Bank mergers typically lead to mass layoffs, experts say
October 7, 2004
The financial services sector is laying off more workers as mergers continue to force banks to streamline their operations.
Bank of America Corp. announced Thursday that it will cut an additional 4,500 jobs as a result of its merger with FleetBoston Financial Corp. It already had plans to lay off 12,500 employees.
Meanwhile, industry experts await the outcome of J.P. Morgan Chase & Co. and Bank One Corp.’s restructuring plan. The combined banks expect to lay off 12,000 employees by the end of 2006.
The job cuts are nothing out of the ordinary, said Scott Alaniz, who studies the banking industry for Sandler O’Neill & Partners LP. Duplicate jobs, improved technology and the need to maintain a competitive edge are all forcing financial institutions to look at their bottom lines.
“Big companies grow their earnings by cutting costs and getting rid of people,” Alaniz said.

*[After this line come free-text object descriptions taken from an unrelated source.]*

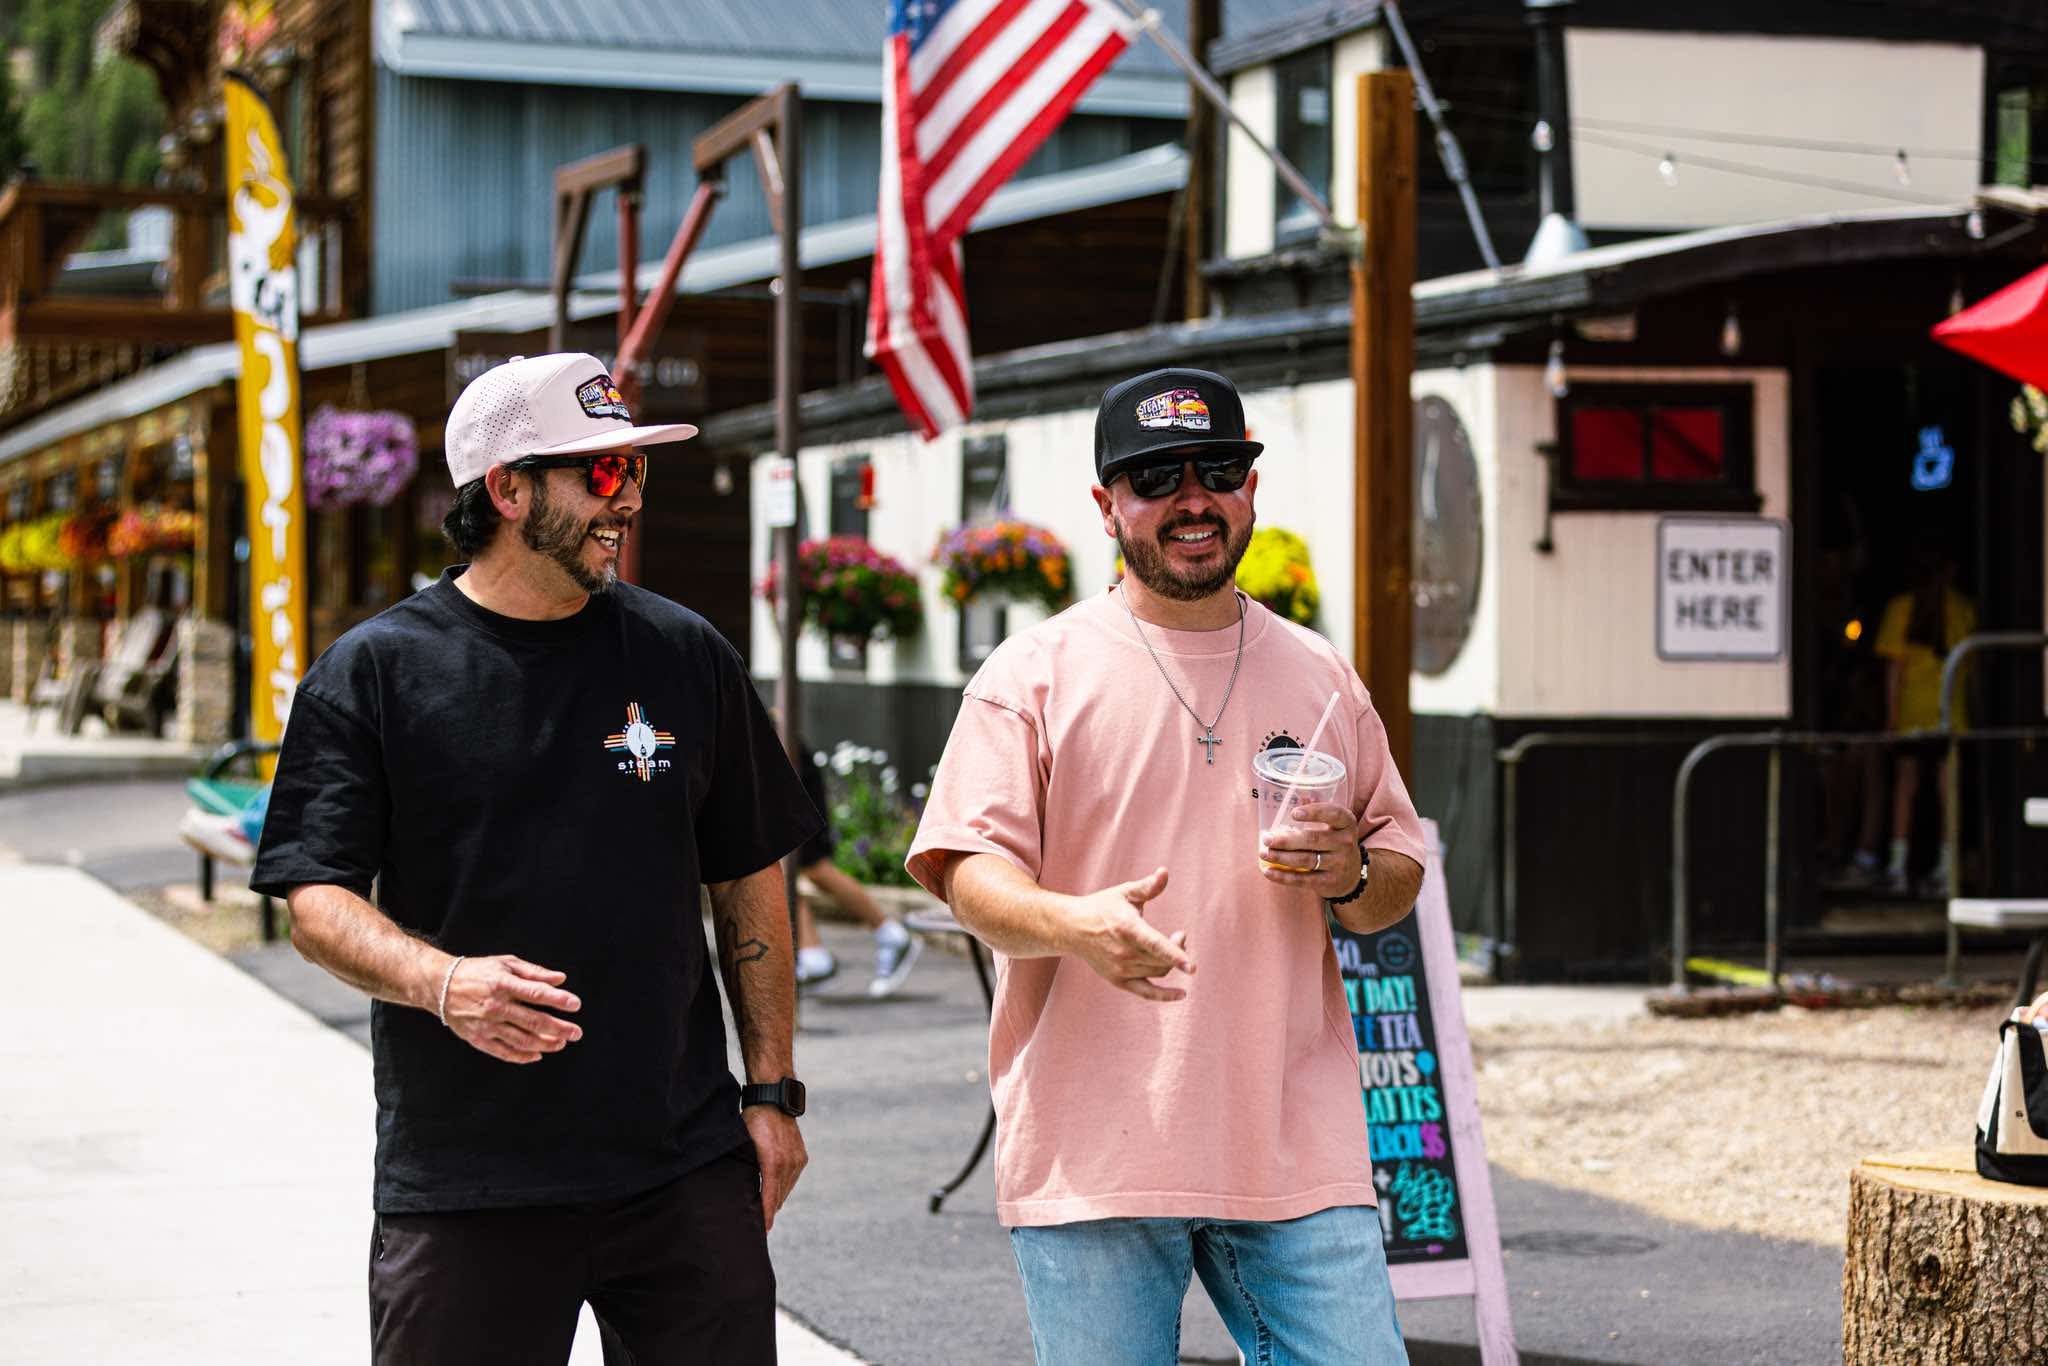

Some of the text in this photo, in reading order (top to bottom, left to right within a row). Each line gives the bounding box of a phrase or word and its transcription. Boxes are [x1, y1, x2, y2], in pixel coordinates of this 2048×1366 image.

[1139, 396, 1168, 416] STEAM
[1668, 549, 1773, 583] ENTER
[1676, 595, 1763, 630] HERE
[617, 759, 671, 770] steam
[1364, 975, 1417, 1013] DAY!
[1377, 1013, 1423, 1049] TEA

But the days of keeping most employees from the acquired company are gone.
Today, management is under more scrutiny to take a closer look at all operations and do what’s best for the new company, said Frank Anderson, a senior equity analyst with Southwest Securities Inc. in Dallas.

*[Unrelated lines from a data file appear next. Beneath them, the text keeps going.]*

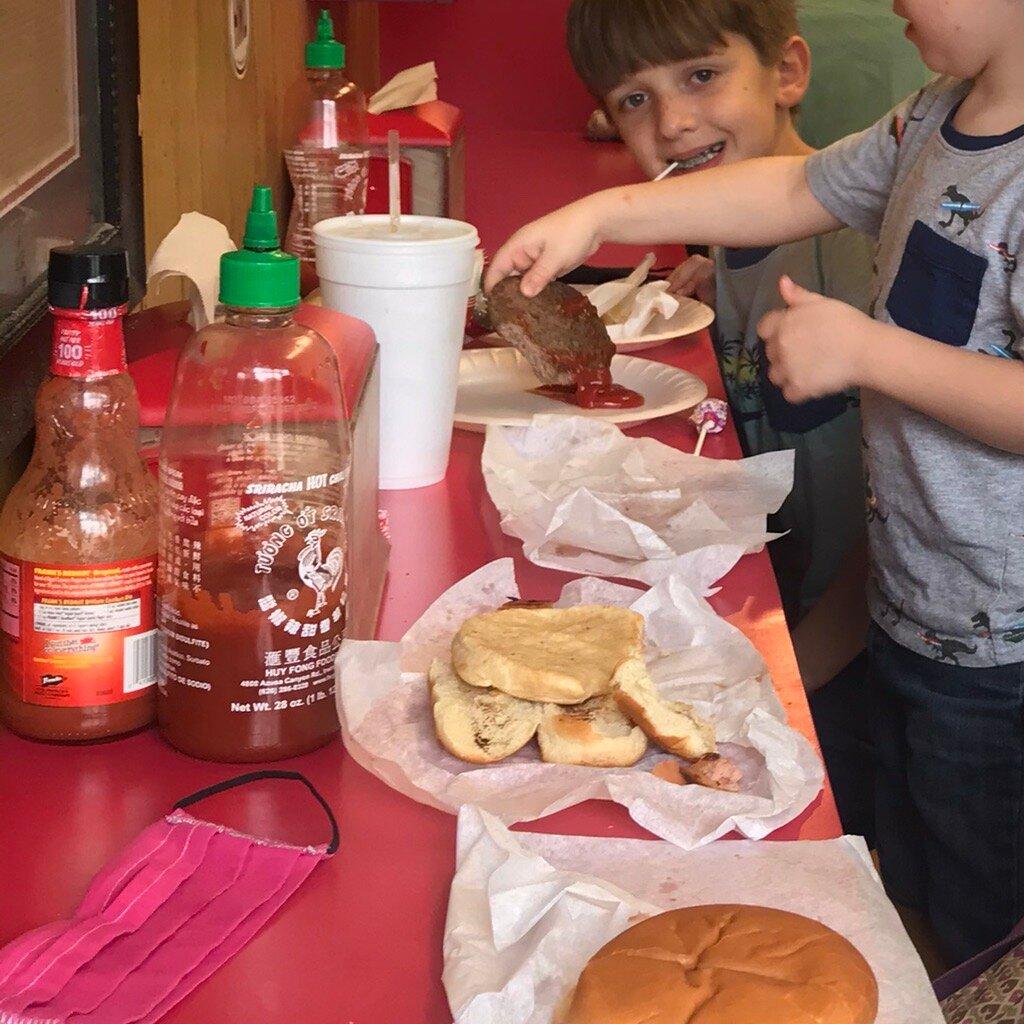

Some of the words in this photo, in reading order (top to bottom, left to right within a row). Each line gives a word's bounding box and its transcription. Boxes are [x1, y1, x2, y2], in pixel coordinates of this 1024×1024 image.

[57, 343, 84, 360] 100
[245, 481, 304, 495] SRIRACHA
[306, 473, 329, 491] HOT
[265, 666, 288, 678] HUY
[288, 660, 315, 676] FONG
[230, 702, 251, 713] Net
[252, 701, 272, 712] Wt.
[273, 699, 288, 711] 28
[289, 697, 306, 709] oz.
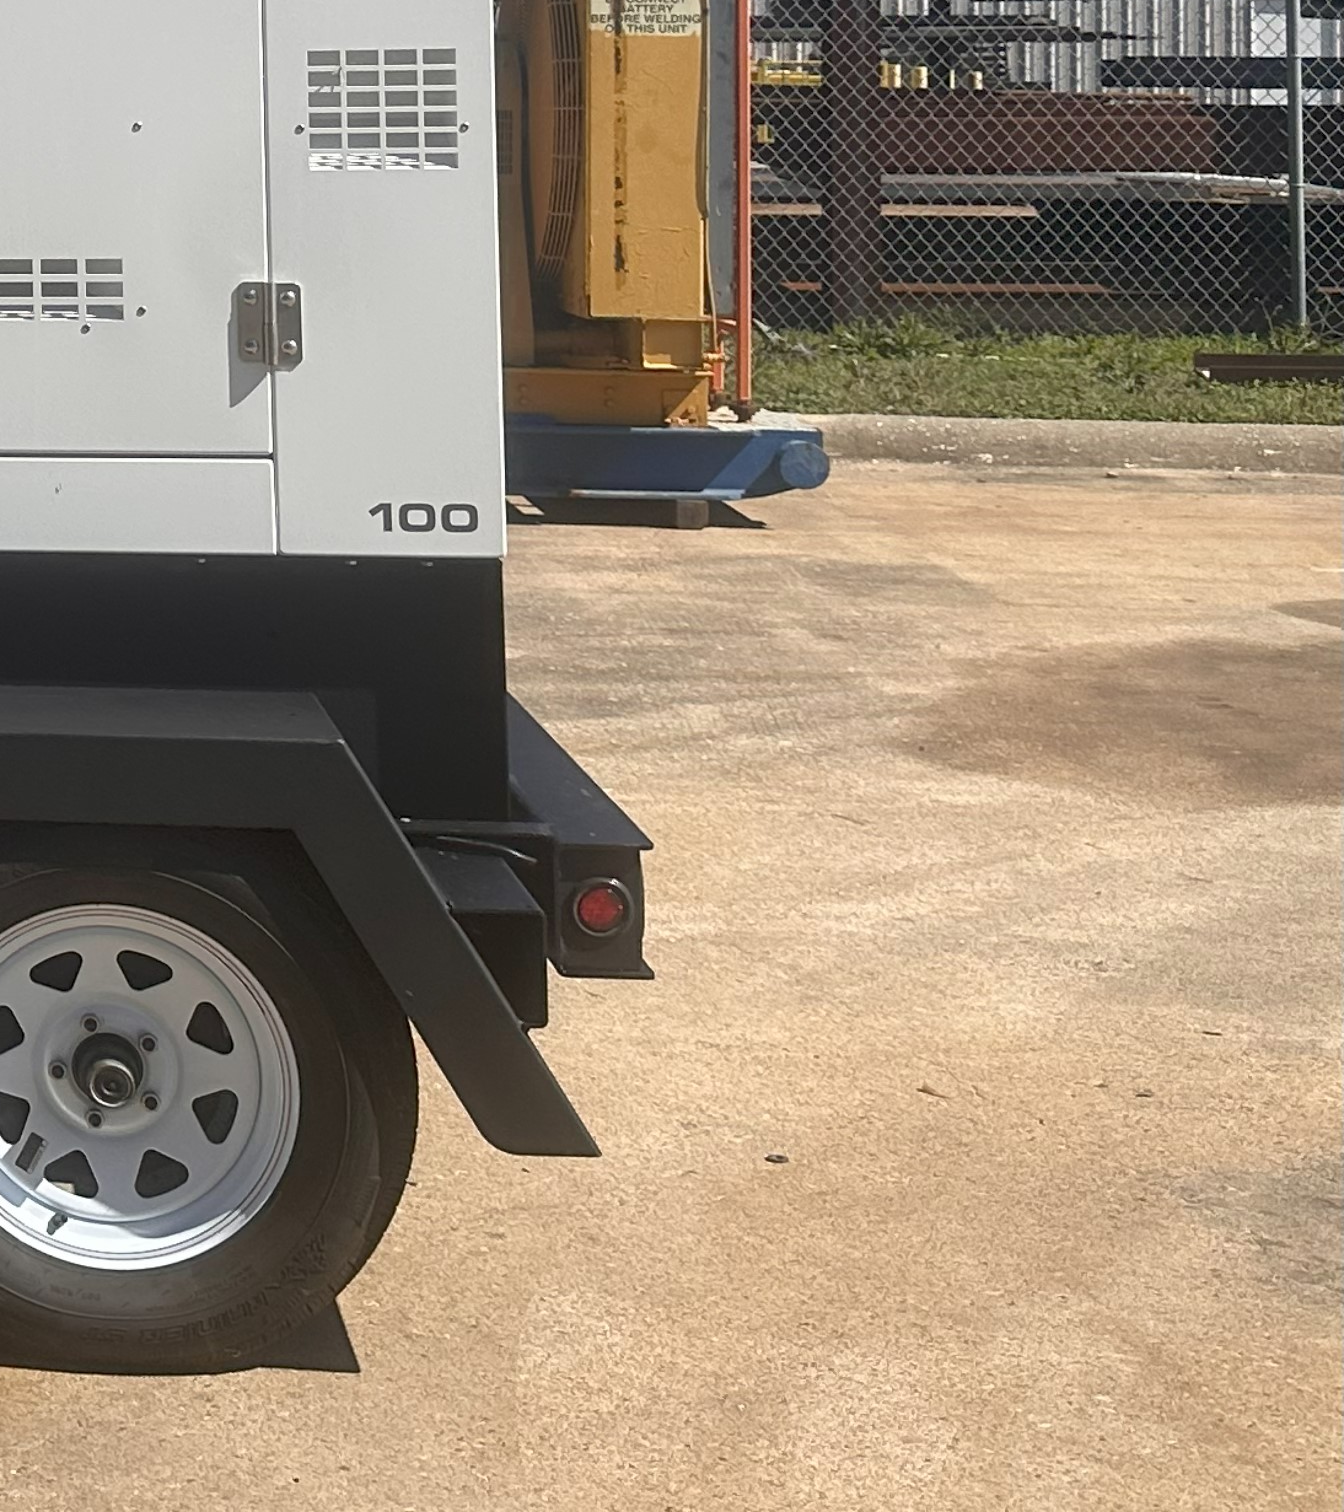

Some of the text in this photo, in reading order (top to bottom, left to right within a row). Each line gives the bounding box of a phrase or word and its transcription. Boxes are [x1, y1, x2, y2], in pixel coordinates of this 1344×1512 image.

[621, 4, 674, 13] ATTERY
[644, 14, 702, 23] WELDING
[627, 24, 656, 33] THIS
[658, 24, 688, 33] UNIT
[368, 503, 479, 533] 100

“It’s cold and cruel to lay a bunch of people off, but from a business standpoint, you are competing,” he said.
The new layoffs, which will occur across the company in primarily support positions such as finance, marketing and technology, start this month, said Bank of America spokeswoman Alexandra Trower.
The company, based in Charlotte, N.C., has been eliminating duplicate positions for six months, but it declined to say where and how many jobs have been cut so far.

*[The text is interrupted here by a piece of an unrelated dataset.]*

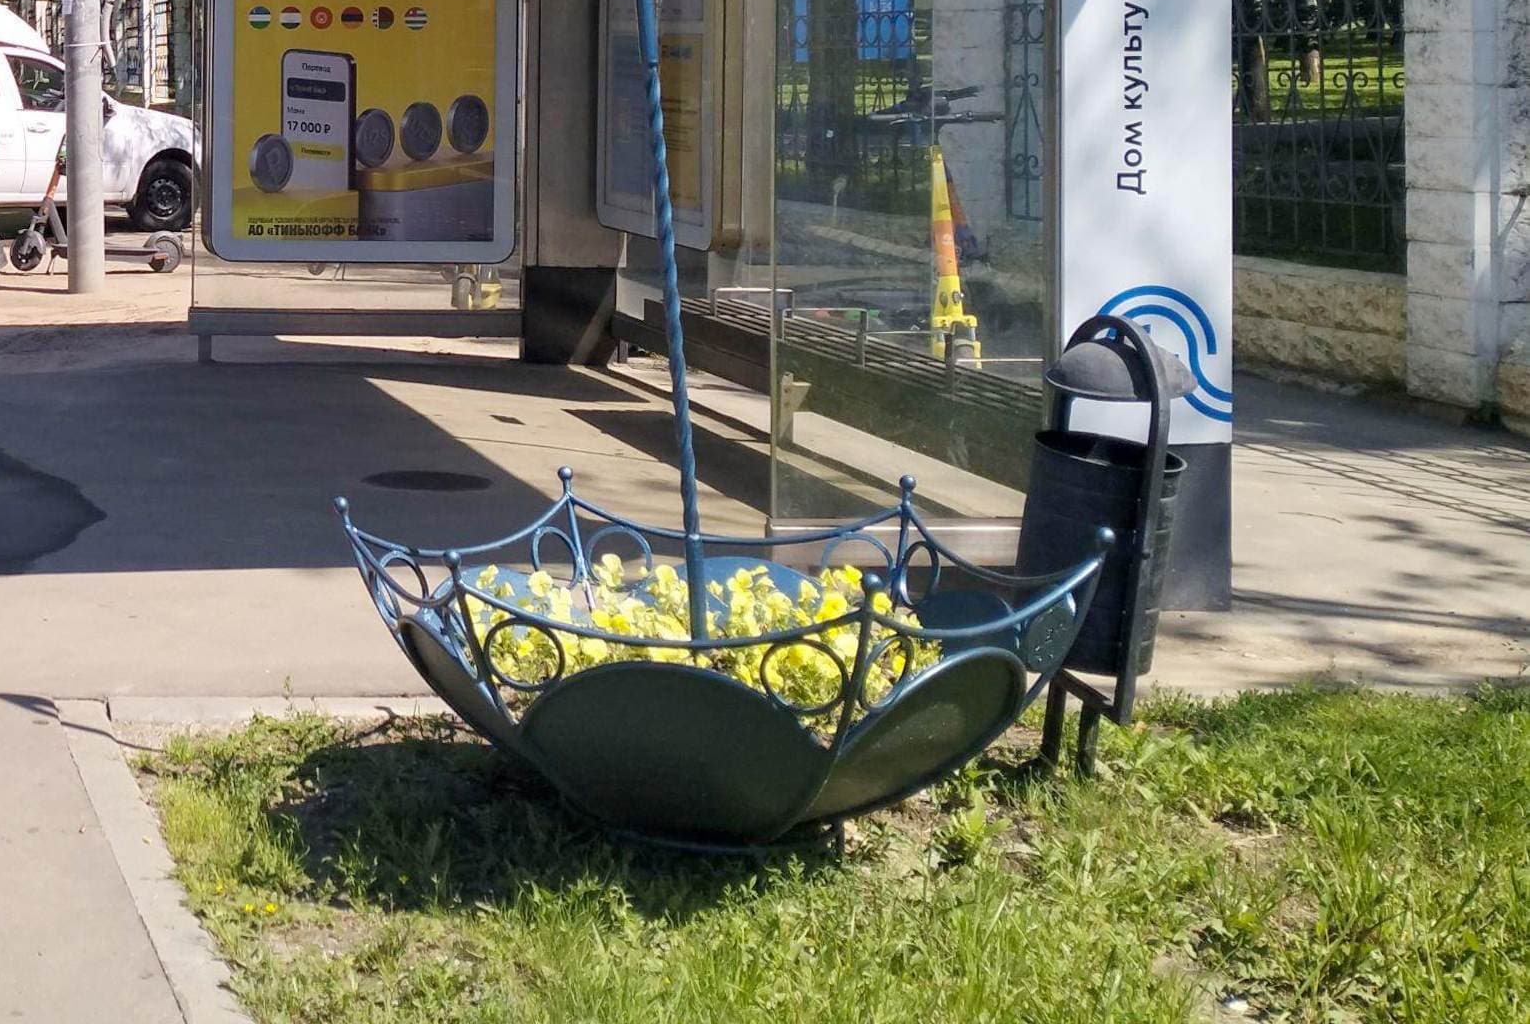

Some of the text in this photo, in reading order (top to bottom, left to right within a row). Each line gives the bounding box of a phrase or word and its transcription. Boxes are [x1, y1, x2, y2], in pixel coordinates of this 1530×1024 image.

[287, 120, 299, 131] 17
[300, 122, 322, 133] 000
[1117, 121, 1147, 195] Дом
[248, 224, 387, 236] АО «ТИНЬКОФФ БК»

Because it is a competitive market, industry leaders, like Bank of America, are having to rethink their business models, said Scott MacDonald, president and chief executive of the Southwestern Graduate School of Banking Foundation.
“It’s not good news for those who are losing their jobs, but it does show that the banks are thinking,” MacDonald said. “One person with technology can do the work of two or three.”
Trower said Bank of America’s reorganization and the fluctuations of the business cycle – particularly the rise in interest rates reducing mortgage activity – are driving the additional layoffs. She would not say if more job cuts are expected.
It is common for merging companies to keep laying people off until they have finished consolidating.
In fact, when Chase and Bank One merged earlier this year, the companies said as many as 10,000 job cuts were possible nationwide. A couple of months ago that number was increased to 12,000.
The banks have already laid off about 2,400 employees nationwide, Chase and Bank One spokesman Chris Spencer said.
“It’s all about productivity gains,” Anderson said. “As there are more consolidations there is going to be continued pressure on job levels.”